【ショート・ショート】おーい
「おーい」
呼んでしまってから、家内がいないことを思い出した。父親が手術するからと、昨日から実家に帰っている。仕方ない。立ち上がり掛けた時、娘が顔を覗かせた。
「呼んだ?」
「いや、かあさんがいないのを忘れていた」
「じゃーん、これでしょ」
娘が新聞を差し出す。背中に隠し持っていたらしい。
「ああ。すまん」
「おーい」
あっ、またやってしまった。重い腰を上げた途端、またもや、娘。
「はい、これね」
差し出す灰皿を受け取りながら「すまんなぁ」とボソリ呟く。
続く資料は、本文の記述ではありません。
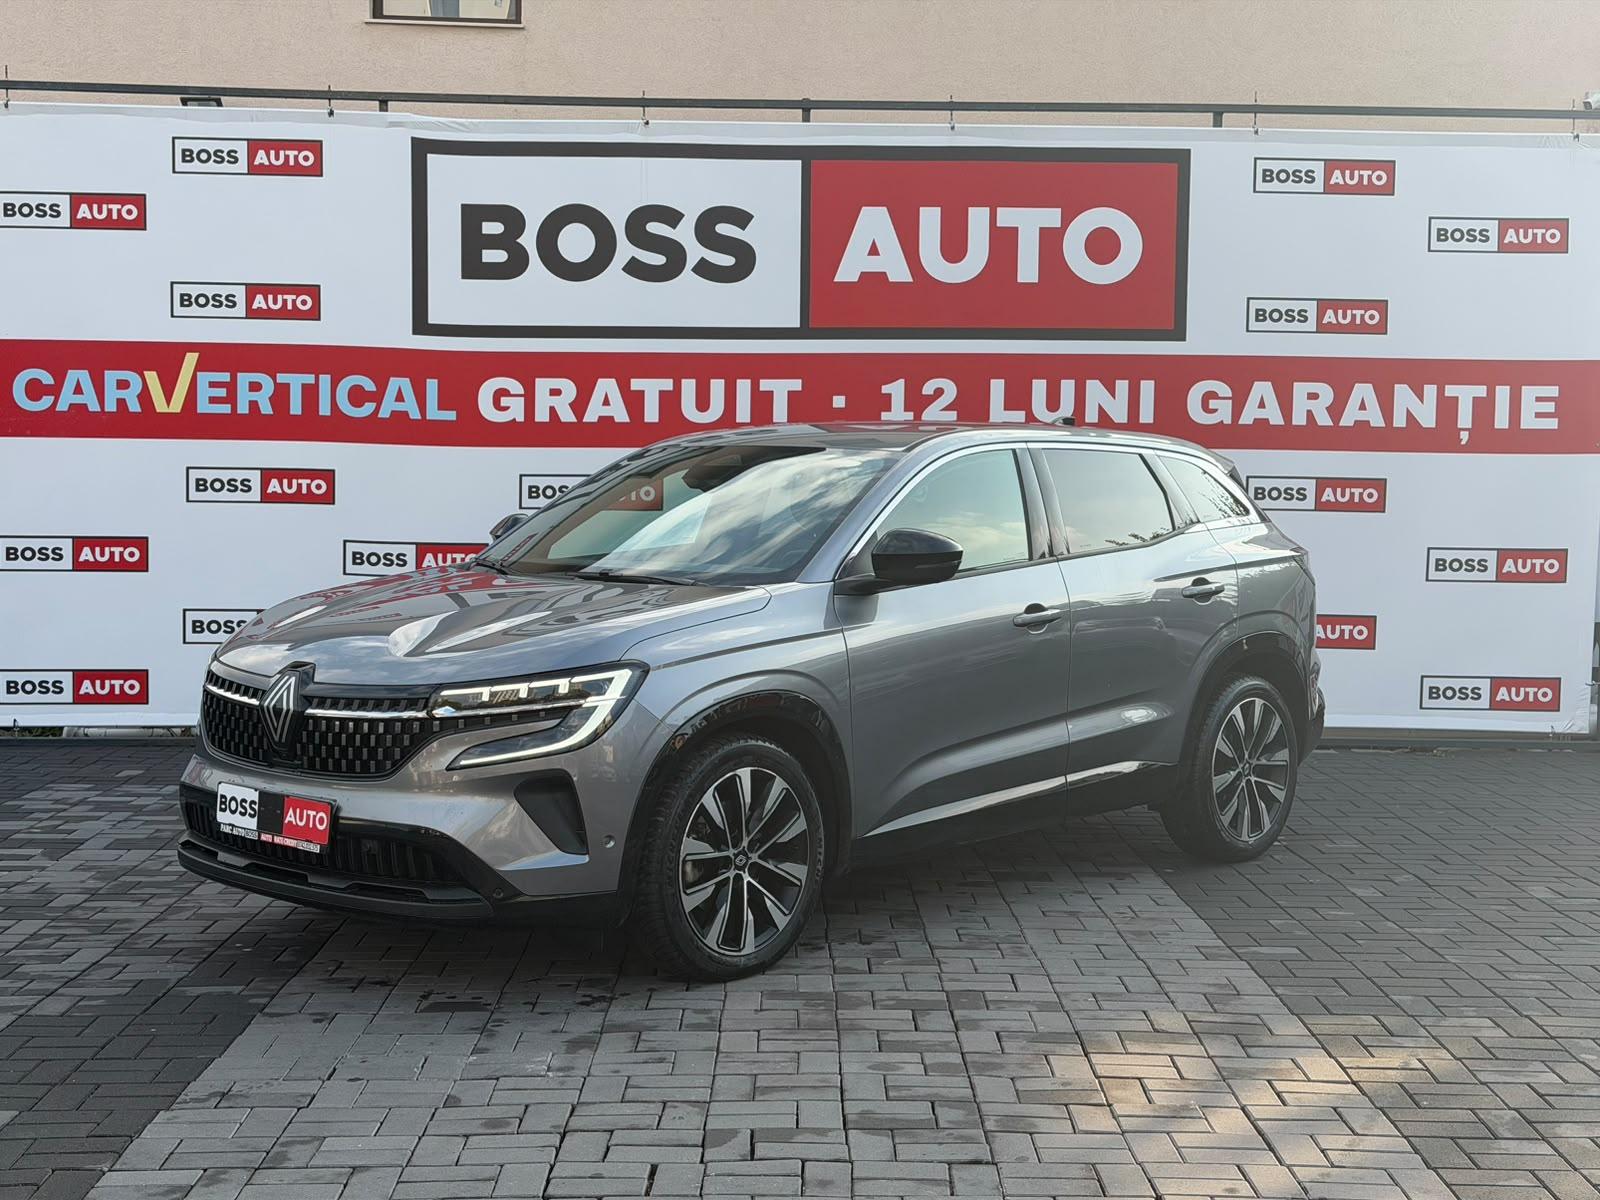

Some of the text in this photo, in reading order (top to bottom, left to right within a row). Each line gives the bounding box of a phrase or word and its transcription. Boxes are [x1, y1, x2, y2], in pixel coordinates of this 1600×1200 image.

[182, 148, 315, 167] BOSS AUTO
[1261, 168, 1388, 186] BOSS AUTO
[2, 202, 138, 221] BOSS AUTO
[461, 203, 1143, 285] BOSS AUTO
[1436, 227, 1561, 244] BOSS AUTO
[179, 293, 313, 311] BOSS AUTO
[1254, 308, 1380, 325] BOSS AUTO
[12, 352, 457, 421] CARVERTICAL
[477, 377, 802, 424] GRATUIT
[880, 378, 958, 421] 12
[989, 379, 1155, 424] LUNI
[1186, 380, 1560, 445] GARANȚIE
[194, 477, 327, 495] BOSS AUTO
[1253, 486, 1379, 504] BOSS AUTO
[5, 546, 140, 563] BOSS AUTO
[352, 551, 408, 567] BOSS
[1434, 557, 1560, 574] BOSS AUTO
[5, 679, 140, 696] BOSS AUTO
[1428, 685, 1553, 703] BOSS AUTO
[218, 794, 328, 831] BOSS AUTO
私は怪訝な顔をしていたらしい。
「何?」
娘がいたずらっぽい目で聞く。
「いやな。お前、何にも言わないのによく分かるなと思ってな」
「そう分かってるんだったら、ちゃんと用件言ったら。お父さん、ずーっとそうよ」
「だけど今更なあ」
「お母さんがね、お父さん、困るだろうからって、出掛ける前に幾つか教えてくれたのよ。それにいつも、『おーい』、『おーい』って聞き慣れてるしね。気づいてないでしょけど、お父さんの言い方には、ちょっとした癖があるのよ」
「そうかな」
思い浮かべてみるが、自分では分からない。
「それからねぇ」
戻りながら娘が付け足す
「ん?」
「『おーい』だけじゃなく、偶には『すまんなぁ』もね。お母さん、きっと喜ぶから」
「そうだな」
段々家内に似てきた娘の後ろ姿を見送りながら思う。
そのうちに、娘を「おーい」と呼ぶヤツが現れるだろう。俺はそいつを許せるのだろうか。
吐いた紫煙が乱れた。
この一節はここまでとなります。